Dutch Golden Age painter

Gerrit Adriaenszoon Berckheyde (1638 - 10 June 1698) was a Dutch Golden Age painter, active in Haarlem, Amsterdam, and The Hague, who is best known today for his cityscapes.

== Biography ==

Berckheyde was born and died in Haarlem. Christened as an infant 6 June 1638, he was the younger brother (by eleven years) and student of the painter Job Adriaenszoon Berckheyde. Golden-age historian Arnold Houbraken claimed that Job had been trained as a bookbinder by his father, and could not discover who taught him to paint. Gerrit, in turn, learned from his older brother. Job's teacher must have been a Haarlem master, and some claim it was Frans Hals, but Houbraken claimed he travelled as a journeyman between Leiden and Utrecht, offering his services as a portrait painter and learned by doing.
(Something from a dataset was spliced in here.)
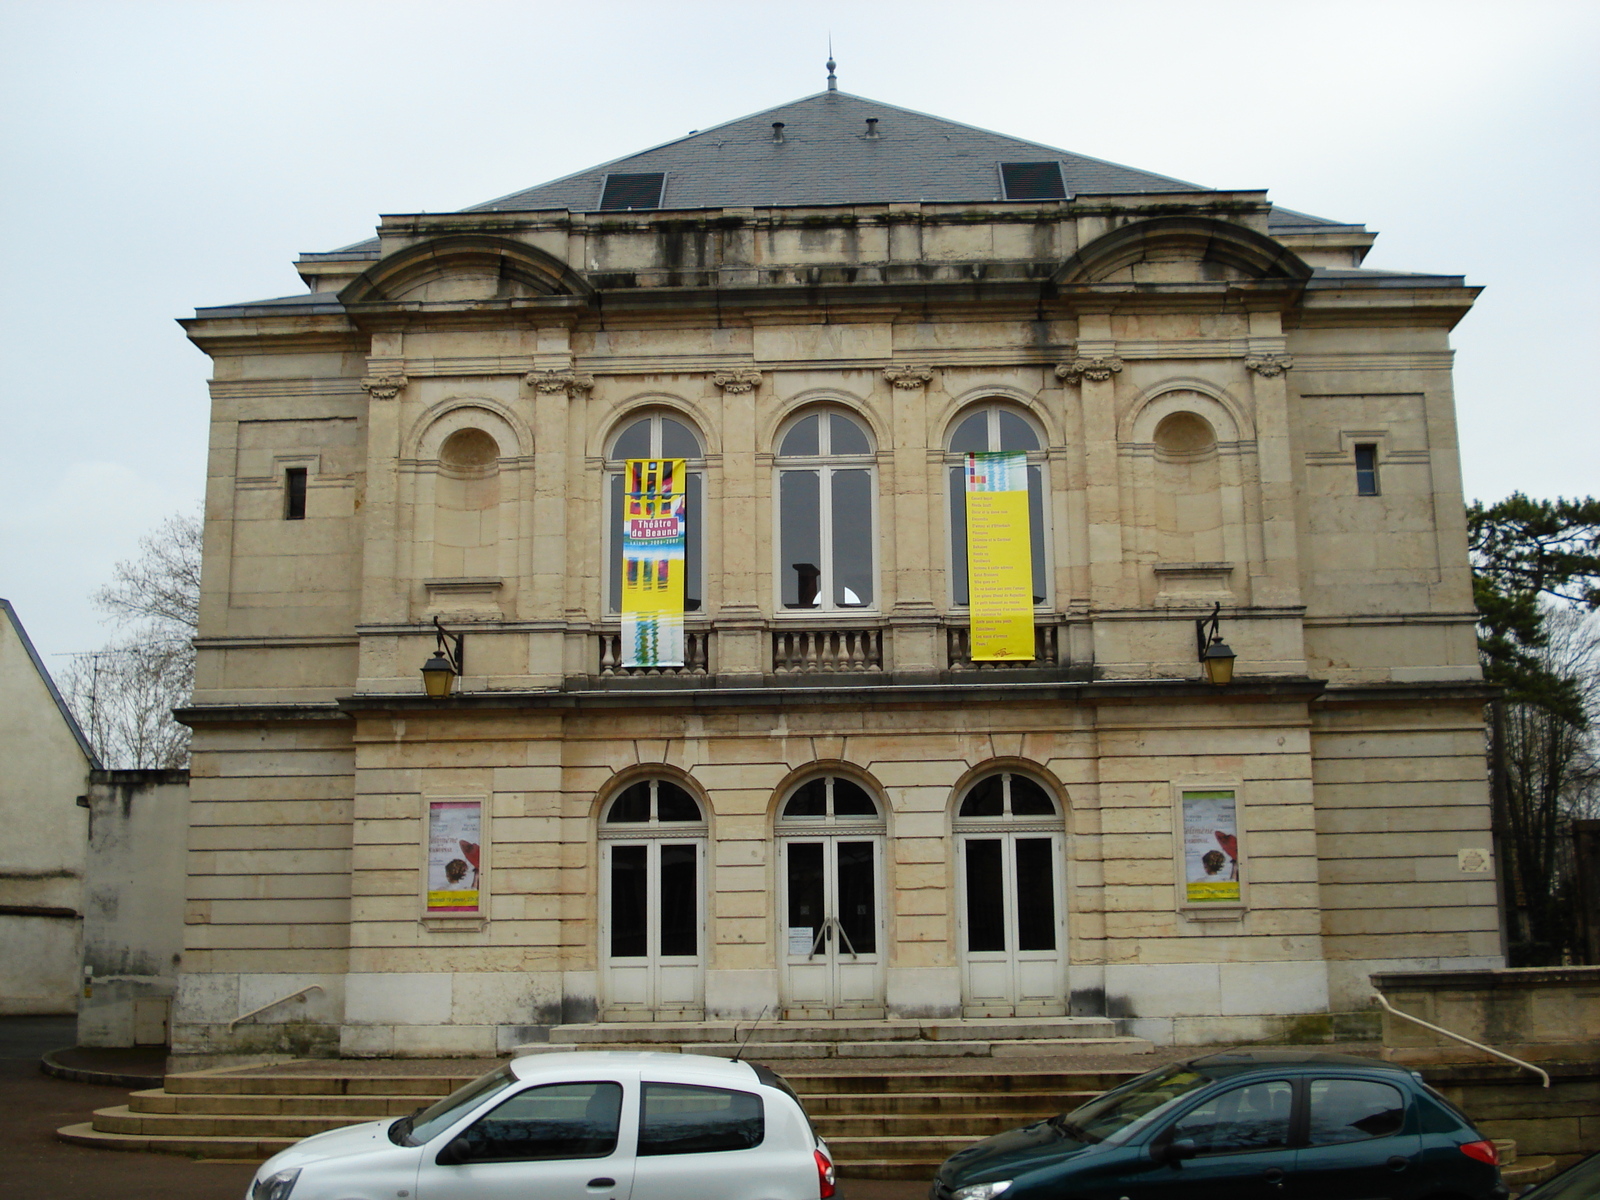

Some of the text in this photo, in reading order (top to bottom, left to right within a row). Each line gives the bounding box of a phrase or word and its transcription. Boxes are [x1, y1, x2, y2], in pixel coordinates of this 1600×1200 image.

[638, 520, 672, 528] Théâtre
[632, 528, 677, 537] de Beaune
During the 1650s the two brothers made an extended trip along the Rhine to Germany, stopping off at Cologne, Bonn, Mannheim and finally Heidelberg. The brothers worked in Heidelberg for Charles I Louis, Elector Palatine, where they were both awarded a golden medal for their efforts, but were ultimately unable to adapt to court life and so returned to Haarlem, where they shared a house and studio. Gerrit became a member of the Haarlem Guild of Saint Luke on 27 July 1660. He was followed by the painter Adriaen Oudendijck.

== Works ==
According to the Netherlands Institute for Art History (RKD), he was a painter known for his Italianate landscapes as well as portraits and cavalry pieces. His influences include Pieter Saenredam's style (for church interiors), refined draughtsmanship and dispassionate attitude—in short, the qualities of "Dutch Classicism", akin to Vermeer. Berckheyde favoured views of monuments on large open squares, rather than giving up clarity for the sake of pictorial effect by painting views along canals as the other great Dutch cityscape painter, Jan van der Heyden, did.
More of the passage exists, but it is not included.